Sin embargo, tras el suceso, María Amparo Casar junto con el escritor Héctor Aguilar Camín, se vieron con el entonces procurador del Distrito Federal, Bernardo Bátiz, para pedirle que cambiaran el acta “modificando lo del suicidio por accidente, pues de esa manera podía cobrar el seguro y recibir de Pemex una pensión vitalicia y ayuda para la educación de sus hijos hasta que cumplieran 25 años”.
En un principio no les funcionó, pues cuando Bátiz le contó sobre esa petición a López Obrador, el entonces jefe de gobierno no aceptó.
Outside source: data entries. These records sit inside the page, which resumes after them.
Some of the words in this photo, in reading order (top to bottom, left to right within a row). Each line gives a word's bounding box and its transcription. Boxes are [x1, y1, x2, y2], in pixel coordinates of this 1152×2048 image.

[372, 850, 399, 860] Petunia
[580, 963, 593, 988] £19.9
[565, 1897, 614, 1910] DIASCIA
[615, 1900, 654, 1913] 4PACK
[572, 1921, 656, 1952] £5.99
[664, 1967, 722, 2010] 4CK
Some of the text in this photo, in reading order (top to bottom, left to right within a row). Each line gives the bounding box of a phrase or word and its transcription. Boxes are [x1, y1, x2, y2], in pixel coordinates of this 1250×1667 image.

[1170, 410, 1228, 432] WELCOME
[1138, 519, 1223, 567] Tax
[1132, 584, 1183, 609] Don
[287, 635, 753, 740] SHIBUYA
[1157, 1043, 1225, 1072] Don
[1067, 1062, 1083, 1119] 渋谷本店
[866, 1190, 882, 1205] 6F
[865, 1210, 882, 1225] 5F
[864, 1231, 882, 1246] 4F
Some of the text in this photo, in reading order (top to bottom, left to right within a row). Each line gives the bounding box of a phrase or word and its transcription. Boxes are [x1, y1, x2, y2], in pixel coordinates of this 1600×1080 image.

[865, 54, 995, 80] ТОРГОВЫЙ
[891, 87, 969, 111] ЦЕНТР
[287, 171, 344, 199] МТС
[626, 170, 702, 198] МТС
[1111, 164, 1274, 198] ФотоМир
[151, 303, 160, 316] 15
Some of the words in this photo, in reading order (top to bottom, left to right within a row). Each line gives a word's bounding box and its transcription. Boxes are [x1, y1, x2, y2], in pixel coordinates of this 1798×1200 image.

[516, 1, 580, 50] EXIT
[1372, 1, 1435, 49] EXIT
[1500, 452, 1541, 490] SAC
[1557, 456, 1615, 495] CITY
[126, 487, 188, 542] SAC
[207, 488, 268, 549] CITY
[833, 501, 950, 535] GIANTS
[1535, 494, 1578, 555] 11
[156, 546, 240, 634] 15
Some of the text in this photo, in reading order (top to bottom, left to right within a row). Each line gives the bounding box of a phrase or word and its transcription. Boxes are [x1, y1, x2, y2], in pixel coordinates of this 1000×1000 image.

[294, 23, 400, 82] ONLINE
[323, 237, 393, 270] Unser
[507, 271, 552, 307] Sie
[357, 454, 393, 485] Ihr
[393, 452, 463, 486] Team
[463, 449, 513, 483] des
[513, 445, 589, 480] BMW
No obstante, “el influyentismo se impuso” y aunque no tenían derecho, Pemex le pagó a María Amparo Casar un seguro de vida por 17 millones 600 mil pesos y pensión vitalicia por viudez por 125 mil pesos mensuales, aún cuando su esposo había trabajado sólo cuatro meses, contrario al requisito de tener una antigüedad de al menos dos años para otorgar esas prestaciones.